Это была, конечно. Зойка.
Глава вторая
РУССКАЯ НИМФЕТКА
1
Он встретил ее в приемной Наварина, замдиректора одного из многочисленных и бесполезных гуманитарных институтов Академии наук.
Они сидели с теткой, секретарем Наварина, как две большие куклы, треща заученными фразами и вращая фарфоровыми глазами. Их можно было принять за сестер, но Зойка была не просто вдвое моложе: что-то невыразимо прелестное таилось в ней, что проще всего было бы определить как неотразимо развратную детскость, но и этим, ей-ей, мало что сказать. И Алексею Николаевичу сразу стало жарко.
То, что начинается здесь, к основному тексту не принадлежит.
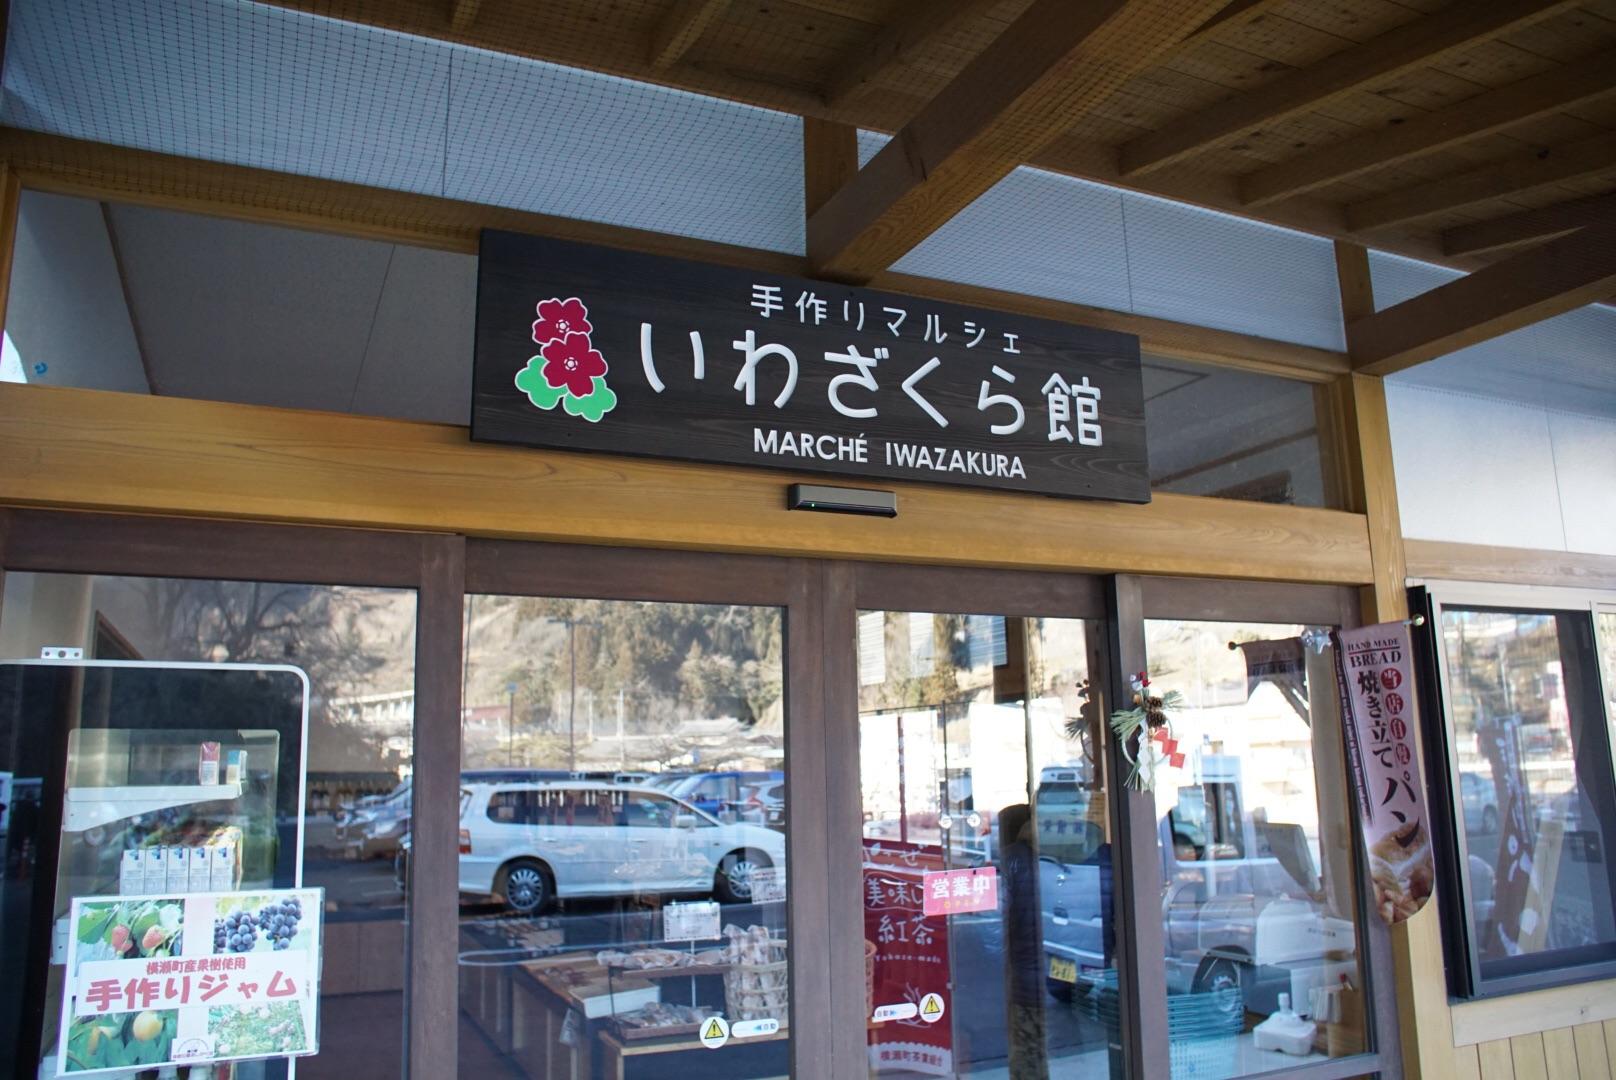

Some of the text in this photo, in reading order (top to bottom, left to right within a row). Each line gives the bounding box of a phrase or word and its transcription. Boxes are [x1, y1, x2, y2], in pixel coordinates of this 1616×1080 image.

Он вспомнил, как любил в молодости, в шестидесятые годы «Лолиту» Набокова, и стихи Чудакова, посвященные этому сочинению:
Люди, которым я должен, умирают,
женщины, которых я любил, стареют,
а подо мной осенние листья сгорают
и суровые ветры осенние холодом веют.
Мне тридцать лет, я полон весь пустотою,
я разминулся с одной, единственной, тою…
Предположим, сейчас она школьница пятого класса,
золотиста, как ангел с разбитого иконостаса.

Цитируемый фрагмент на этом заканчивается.